Return only the final portion of the entries: the line with "this 1500×1684 image." and every line after it, each one exact.
(Beginning of Given records)
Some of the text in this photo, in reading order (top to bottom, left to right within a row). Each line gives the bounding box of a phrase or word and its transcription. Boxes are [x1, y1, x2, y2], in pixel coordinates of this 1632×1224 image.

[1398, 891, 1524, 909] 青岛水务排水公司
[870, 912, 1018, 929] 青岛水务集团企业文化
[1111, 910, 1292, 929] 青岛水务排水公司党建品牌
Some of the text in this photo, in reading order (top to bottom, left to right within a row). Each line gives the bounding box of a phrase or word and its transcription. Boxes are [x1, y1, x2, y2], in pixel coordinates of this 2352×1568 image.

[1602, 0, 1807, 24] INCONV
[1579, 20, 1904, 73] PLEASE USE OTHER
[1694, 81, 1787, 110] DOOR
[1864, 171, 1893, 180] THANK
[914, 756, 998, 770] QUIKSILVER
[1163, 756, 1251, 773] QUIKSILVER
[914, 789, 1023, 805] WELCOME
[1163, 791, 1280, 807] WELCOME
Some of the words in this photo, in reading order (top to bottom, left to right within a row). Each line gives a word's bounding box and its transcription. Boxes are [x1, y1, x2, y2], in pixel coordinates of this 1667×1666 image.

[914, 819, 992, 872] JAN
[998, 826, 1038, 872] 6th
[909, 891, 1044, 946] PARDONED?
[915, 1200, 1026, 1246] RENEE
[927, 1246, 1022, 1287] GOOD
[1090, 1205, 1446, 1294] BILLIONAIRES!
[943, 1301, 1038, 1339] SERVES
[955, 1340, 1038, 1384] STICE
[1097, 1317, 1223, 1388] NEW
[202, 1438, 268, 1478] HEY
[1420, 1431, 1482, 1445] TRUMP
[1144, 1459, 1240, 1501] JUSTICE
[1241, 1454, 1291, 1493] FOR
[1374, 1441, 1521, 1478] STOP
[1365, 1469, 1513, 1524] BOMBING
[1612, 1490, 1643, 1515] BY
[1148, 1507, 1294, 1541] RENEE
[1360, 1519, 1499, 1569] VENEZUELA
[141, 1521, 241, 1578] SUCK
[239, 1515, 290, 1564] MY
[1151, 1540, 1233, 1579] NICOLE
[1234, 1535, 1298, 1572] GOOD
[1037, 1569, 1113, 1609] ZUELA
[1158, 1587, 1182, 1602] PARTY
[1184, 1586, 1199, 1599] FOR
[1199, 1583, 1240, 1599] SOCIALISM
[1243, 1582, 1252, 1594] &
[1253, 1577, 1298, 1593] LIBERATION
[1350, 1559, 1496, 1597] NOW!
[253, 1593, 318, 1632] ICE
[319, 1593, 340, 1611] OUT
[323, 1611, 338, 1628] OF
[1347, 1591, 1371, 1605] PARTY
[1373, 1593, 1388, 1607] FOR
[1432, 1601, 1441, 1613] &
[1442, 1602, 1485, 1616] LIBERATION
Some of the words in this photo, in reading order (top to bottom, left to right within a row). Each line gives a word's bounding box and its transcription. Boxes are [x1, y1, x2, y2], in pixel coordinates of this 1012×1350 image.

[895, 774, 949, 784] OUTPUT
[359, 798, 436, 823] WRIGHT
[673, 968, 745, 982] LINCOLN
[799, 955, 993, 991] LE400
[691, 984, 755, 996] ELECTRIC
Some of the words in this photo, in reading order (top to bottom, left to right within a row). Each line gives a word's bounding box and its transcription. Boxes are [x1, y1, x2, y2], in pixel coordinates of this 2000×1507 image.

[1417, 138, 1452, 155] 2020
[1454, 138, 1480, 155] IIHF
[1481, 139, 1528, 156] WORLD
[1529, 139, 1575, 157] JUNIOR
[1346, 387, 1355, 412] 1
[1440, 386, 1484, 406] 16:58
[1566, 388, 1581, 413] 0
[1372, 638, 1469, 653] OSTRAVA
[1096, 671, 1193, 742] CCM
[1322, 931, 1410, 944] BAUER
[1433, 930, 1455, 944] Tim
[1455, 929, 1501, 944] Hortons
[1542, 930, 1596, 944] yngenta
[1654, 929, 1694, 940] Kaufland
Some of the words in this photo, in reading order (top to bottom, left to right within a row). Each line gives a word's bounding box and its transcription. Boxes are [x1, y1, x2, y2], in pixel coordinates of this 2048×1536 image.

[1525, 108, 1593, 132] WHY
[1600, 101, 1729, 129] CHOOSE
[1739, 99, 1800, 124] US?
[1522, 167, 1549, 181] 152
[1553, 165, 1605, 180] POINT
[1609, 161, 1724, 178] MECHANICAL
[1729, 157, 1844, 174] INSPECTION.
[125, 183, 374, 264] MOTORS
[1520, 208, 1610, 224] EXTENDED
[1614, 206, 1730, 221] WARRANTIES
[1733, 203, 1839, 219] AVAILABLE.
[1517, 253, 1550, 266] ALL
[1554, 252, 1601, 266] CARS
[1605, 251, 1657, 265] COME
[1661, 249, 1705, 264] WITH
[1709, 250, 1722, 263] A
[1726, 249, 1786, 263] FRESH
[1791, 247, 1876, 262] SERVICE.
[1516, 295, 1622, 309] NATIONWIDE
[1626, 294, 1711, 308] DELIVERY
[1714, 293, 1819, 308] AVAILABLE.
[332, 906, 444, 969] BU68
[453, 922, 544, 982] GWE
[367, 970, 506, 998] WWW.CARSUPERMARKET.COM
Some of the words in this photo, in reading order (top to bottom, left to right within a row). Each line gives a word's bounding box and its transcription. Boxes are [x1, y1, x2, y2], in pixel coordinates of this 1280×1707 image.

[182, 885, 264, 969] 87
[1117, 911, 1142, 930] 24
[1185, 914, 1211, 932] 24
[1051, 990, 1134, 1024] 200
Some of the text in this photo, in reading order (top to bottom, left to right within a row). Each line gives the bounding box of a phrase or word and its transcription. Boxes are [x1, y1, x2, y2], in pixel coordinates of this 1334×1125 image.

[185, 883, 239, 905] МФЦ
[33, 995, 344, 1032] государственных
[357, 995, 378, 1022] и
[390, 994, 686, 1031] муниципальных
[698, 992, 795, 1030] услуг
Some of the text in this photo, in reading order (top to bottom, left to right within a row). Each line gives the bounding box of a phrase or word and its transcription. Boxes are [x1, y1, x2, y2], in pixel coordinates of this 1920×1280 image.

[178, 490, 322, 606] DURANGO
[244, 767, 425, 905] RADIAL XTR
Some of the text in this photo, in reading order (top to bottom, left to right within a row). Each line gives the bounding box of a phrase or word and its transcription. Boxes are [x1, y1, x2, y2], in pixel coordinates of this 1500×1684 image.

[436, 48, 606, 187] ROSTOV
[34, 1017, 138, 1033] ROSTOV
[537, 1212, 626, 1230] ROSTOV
(End of Given records)
* Exercise solution:
Some of the text in this photo, in reading order (top to bottom, left to right within a row). Each line gives the bounding box of a phrase or word and its transcription. Boxes are [x1, y1, x2, y2], in pixel coordinates of this 1500×1684 image.

[436, 48, 606, 187] ROSTOV
[34, 1017, 138, 1033] ROSTOV
[537, 1212, 626, 1230] ROSTOV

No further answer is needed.